Une brève histoire de Mont-Dauphin
Histoire de Mont-Dauphin
Juillet 1692: le duc de Savoie, allié aux voisins protestants de la France dans la Ligue d’Augsbourg, prend Guillestre, Embrun, Gap, menace de rejoindre les insurgés protestants des Cévennes. L'invasion s'achève avant l'hiver, mais a alerté Louis XIV sur la faiblesse des défenses alpines.
Vauban, dépêché pour renforcer la frontière, choisit le plateau désert des Millaures (mille vents), à un carrefour stratégique de vallées commandant l'accès au Dauphiné et à la Provence, pour y construire une place forte. « Ce lieu me paraît excellent et fait exprès pour la place du monde la mieux située par rapport à la frontière, » écrit-il au roi. Il note que les matériaux de construction, bois et pierre, sont proches et abondants, de même que le fourrage pour le bétail et le bétail pour la nourriture de la troupe. Des sources captées sur la montagne proche fournissent l’eau qui peut être stockée dans deux citernes assez vastes pour soutenir un siège de deux mois.
Vauban nomme la place Mont-Dauphin en l'honneur du fils du roi et lance les travaux au printemps 1693. Suspendus en hiver, ralentis par la dureté du roc, ils ne seront pas encore achevés quand Vauban revient sept ans plus tard. Il est néanmoins confiant que « Mont-Dauphin deviendra dans peu de temps une belle et bonne place » ». Mais en cette fin de règne de Louis XIV, après des guerres incessantes, le royaume est épuisé et l’argent manque pour mener à bien tous les projets.
Mont-Dauphin a trois bastions protégés par des demi-lunes, un arsenal, une poudrière, deux casernes, un pavillon pour le gouverneur, un autre pour les officiers, des maisons pour les civils. Mais l’église, que Vauban avait prévue monumentale, n’aura pas de nef. Trop couteux, le bastion qu’il avait prévu sur le plateau de Guillestre pour prévenir une attaque au canon par dessus le Guil ne verra pas le jour.

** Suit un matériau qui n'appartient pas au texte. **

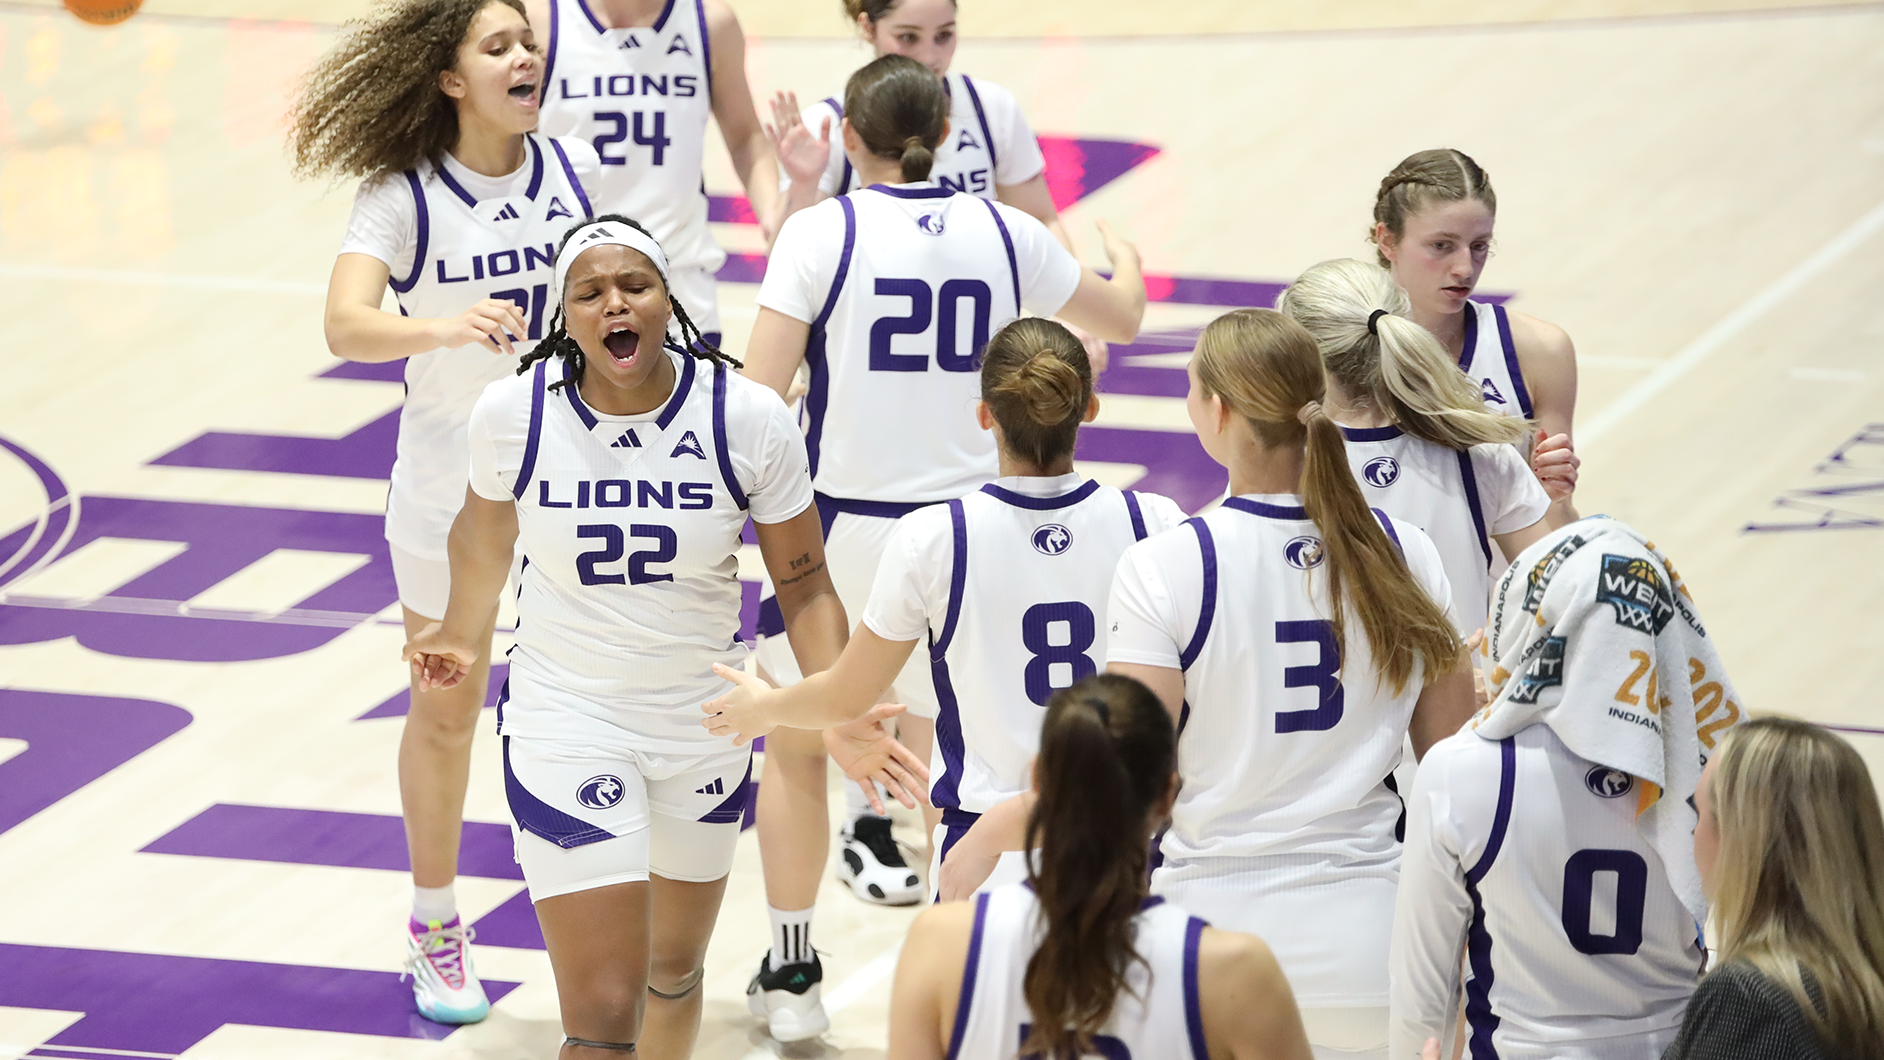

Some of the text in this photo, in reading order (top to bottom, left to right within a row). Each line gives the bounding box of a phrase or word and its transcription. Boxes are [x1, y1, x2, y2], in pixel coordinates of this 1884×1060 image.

Ironie de l’histoire, moins de sept ans après la mort de Vauban, au Traité d'Utrecht de 1713 la France abandonne le Piémont à la Savoie en échange de l'Ubaye. La frontière s'éloigne vers l'Est jusqu’à la ligne de partage des eaux. Briançon devient ville frontière, Mont-Dauphin ne l'est plus.

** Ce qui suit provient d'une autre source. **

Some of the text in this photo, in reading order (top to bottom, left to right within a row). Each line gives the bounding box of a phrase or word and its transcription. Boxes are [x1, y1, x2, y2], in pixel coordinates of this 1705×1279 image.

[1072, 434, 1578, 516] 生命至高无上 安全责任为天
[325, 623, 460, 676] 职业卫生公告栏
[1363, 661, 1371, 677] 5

A la fin du 18ème siècle, de nouvelles défenses sont cependant ajoutées : la lunette d’Arçon sur le glacis d’Eygliers, une troisième caserne, Rochambeau, sur le front d’Embrun. La poudrière est enterrée au 19ème pour la mettre à l’épreuve des bombes. Une quatrième caserne, construite à la place de l’hôpital militaire au 20ème siècle, abrite aujourd’hui un centre de vacances du service social des armées.
Mont-Dauphin a compté un millier de soldats et jusqu’à 400 civils. Mais la ville n'atteindra jamais les 2000 habitants qu'avait espérés Vauban. Devenue base arrière, elle servira d’entrepôt de matériel, de refuge possible pour une retraite, de camp de prisonniers pour des Autrichiens en 1707, des Anglais sous Napoléon. Elle emprisonne des officiers Allemands tout en accueillant des réfugiés de Serbie pendant la première guerre mondiale.
Mont-Dauphin et Briançon résisteront à de brefs sièges par des troupes Austro-sardes revenant au Piémont en 1815. Mais Mont-Dauphin a perdu son utilité militaire. Elle ne verra le feu qu'une fois, en juin 1940 lorsqu'une bombe italienne larguée au hasard détruit une des deux ailes de l'Arsenal et la cure, endommageant l’église et de nombreuses maisons.
XXe siècle
Après la guerre 1914-18, sa garnison n'est plus qu'épisodique. Pendant la seconde guerre mondiale, le fort est sporadiquement occupé par les Italiens, puis les Allemands. Un détachement de douaniers allemands s’y réfugie en 1944 puis se rend. Mont-Dauphin reçoit des réfugiés du soulèvement de Hongrie en 1956, des rapatriés d’Algérie en 1962.
Dés 1975 le ministère de la défense transmet Mont-Dauphin, devenue monument national, au ministère de la culture tout en réservant deux casernes au service social des armées comme centres de vacances. La place ne retrouvera plus que rarement les uniformes et les cuivres de son passé, lorsque les chasseurs alpins reviendront en manœuvres former le carré pour une prise d’armes sur la place de l’Arsenal.
Avec les derniers soldats s'en vont ceux qui en vivaient. La population de Mont-Dauphin tombe à 30 habitants en 1980. Puis le tourisme se développe. La commune acquiert la caserne Campana pour y installer des artisans d’art et leurs ateliers, puis la fortification dite « Cavalier 104 » pour un futur espace culturel. La population commence à remonter dans les années 1990 pour approcher aujourd’hui de 170. L’inscription au Patrimoine mondial de l'Unesco en 2008 marque une nouvelle date dans le développement de la commune, qui reste la plus exigüe de la région Provence-Alpes-Côte d’Azur.